_Exercise goal_.
When you transcribe the lines below, keep every word the same and leave the pictures behind.

(Saved data entries)
((

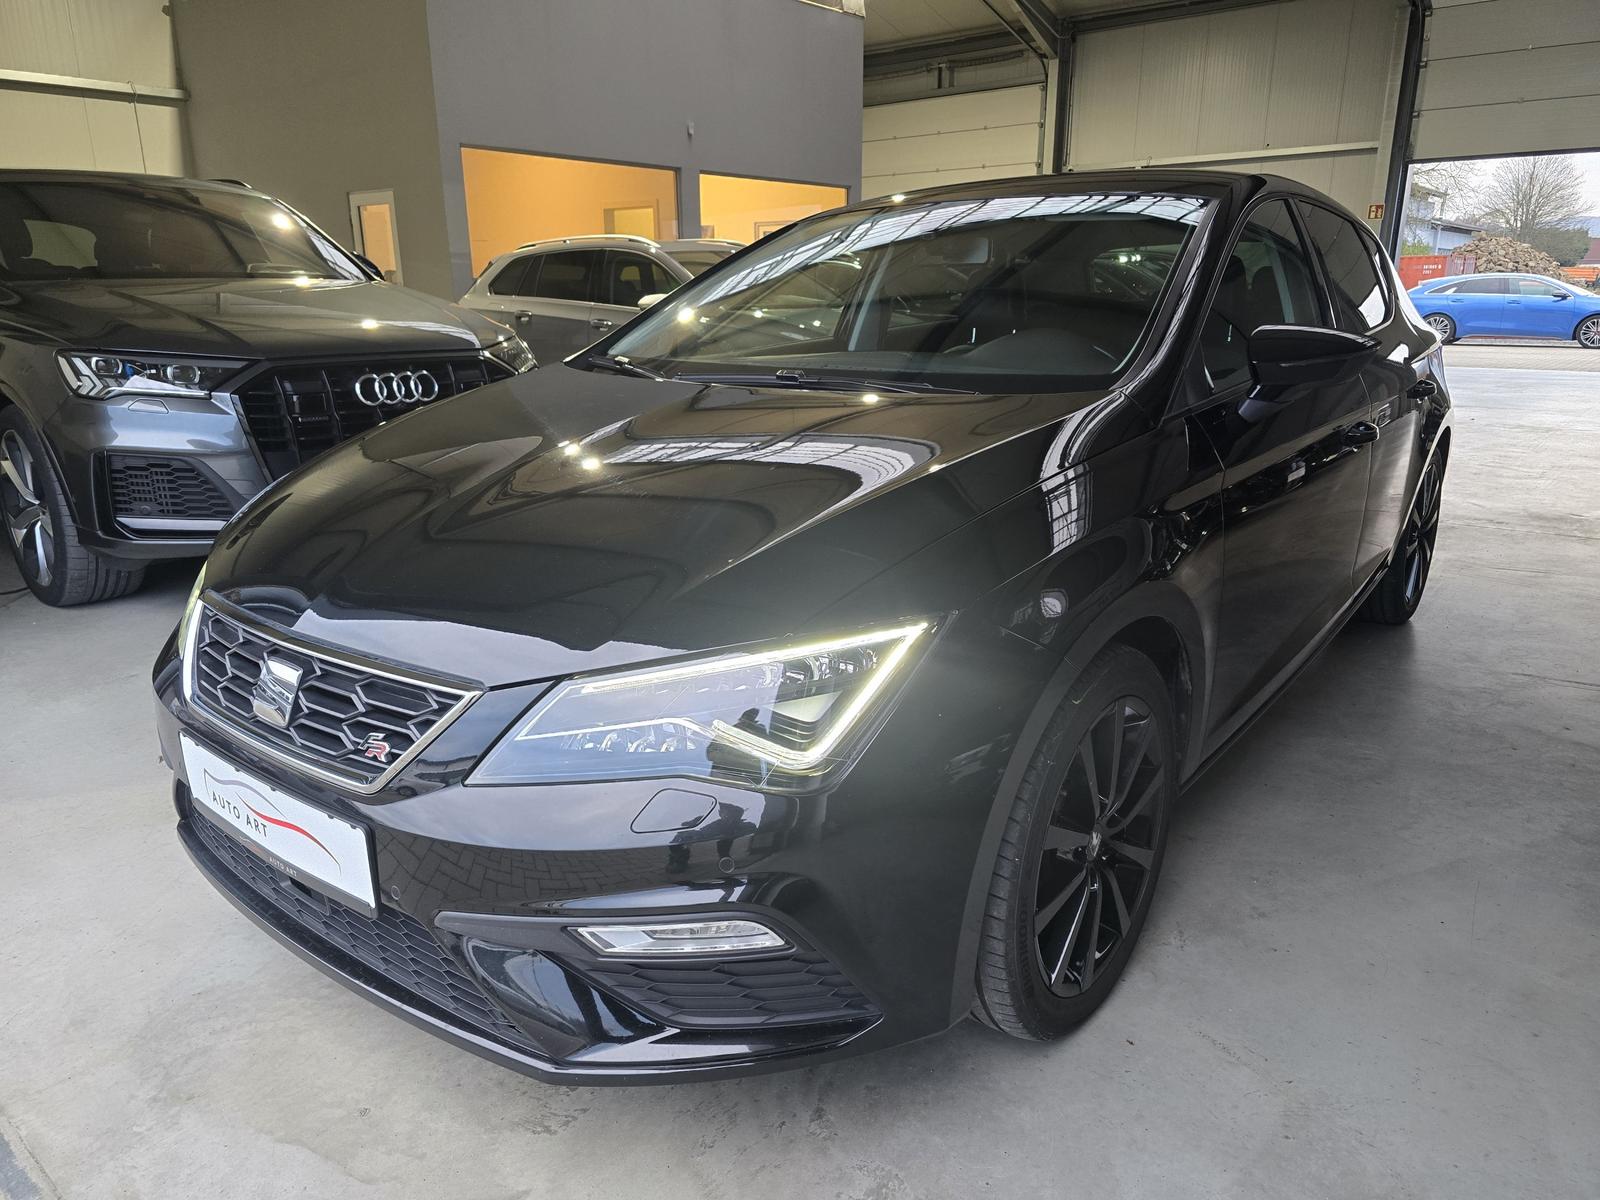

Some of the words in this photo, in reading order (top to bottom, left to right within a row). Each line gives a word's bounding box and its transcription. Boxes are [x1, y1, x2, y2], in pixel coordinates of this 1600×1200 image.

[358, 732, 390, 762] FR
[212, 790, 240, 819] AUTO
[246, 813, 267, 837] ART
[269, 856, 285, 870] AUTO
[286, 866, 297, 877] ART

))

_Answer section_.
Some of the words in this photo, in reading order (top to bottom, left to right within a row). Each line gives a word's bounding box and its transcription. Boxes are [x1, y1, x2, y2], in pixel coordinates of this 1600×1200 image.

[358, 732, 390, 762] FR
[212, 790, 240, 819] AUTO
[246, 813, 267, 837] ART
[269, 856, 285, 870] AUTO
[286, 866, 297, 877] ART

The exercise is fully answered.